* Task directions: The records below are to be set down word for word, with every picture left out.

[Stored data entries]
━━━━━━━━━━

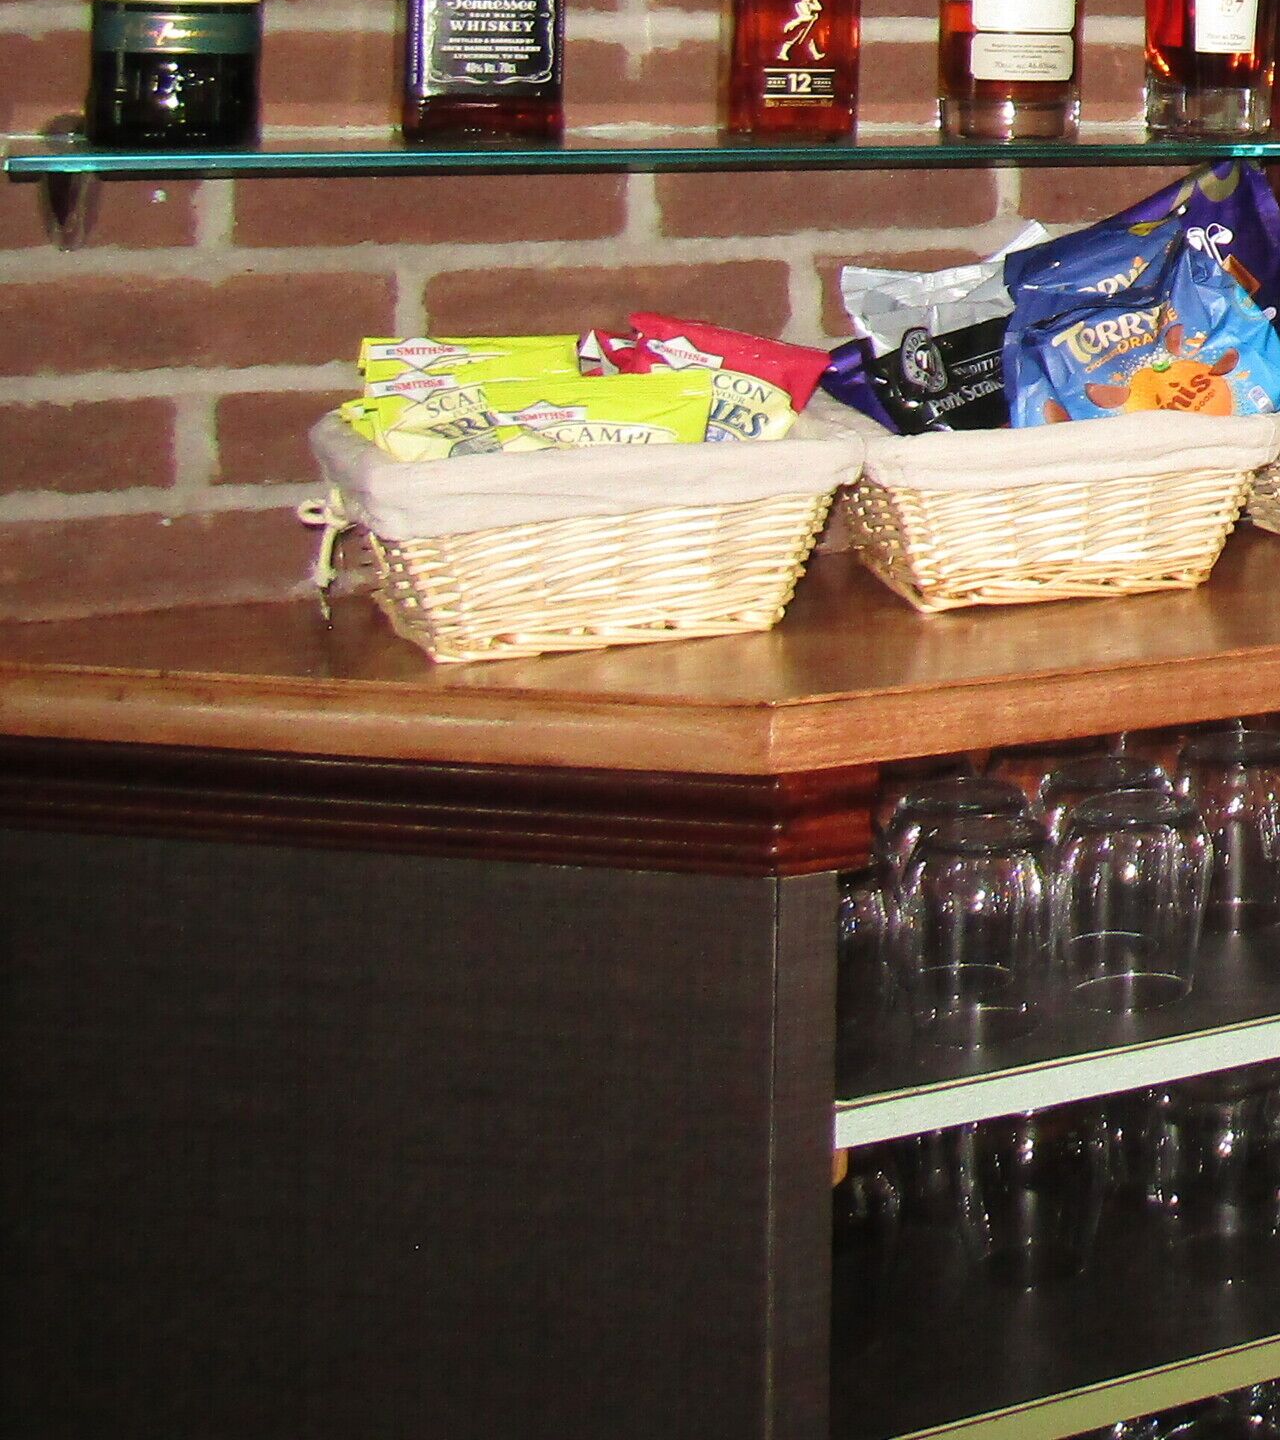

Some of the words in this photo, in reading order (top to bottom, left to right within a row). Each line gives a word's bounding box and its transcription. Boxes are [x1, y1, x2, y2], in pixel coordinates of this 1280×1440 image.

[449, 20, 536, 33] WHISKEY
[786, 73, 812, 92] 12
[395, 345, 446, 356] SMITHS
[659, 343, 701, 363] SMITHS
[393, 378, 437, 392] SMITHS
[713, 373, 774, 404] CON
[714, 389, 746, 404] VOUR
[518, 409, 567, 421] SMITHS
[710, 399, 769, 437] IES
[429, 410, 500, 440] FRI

━━━━━━━━━━

* Problem solution:
Some of the words in this photo, in reading order (top to bottom, left to right within a row). Each line gives a word's bounding box and its transcription. Boxes are [x1, y1, x2, y2], in pixel coordinates of this 1280×1440 image.

[449, 20, 536, 33] WHISKEY
[786, 73, 812, 92] 12
[395, 345, 446, 356] SMITHS
[659, 343, 701, 363] SMITHS
[393, 378, 437, 392] SMITHS
[713, 373, 774, 404] CON
[714, 389, 746, 404] VOUR
[518, 409, 567, 421] SMITHS
[710, 399, 769, 437] IES
[429, 410, 500, 440] FRI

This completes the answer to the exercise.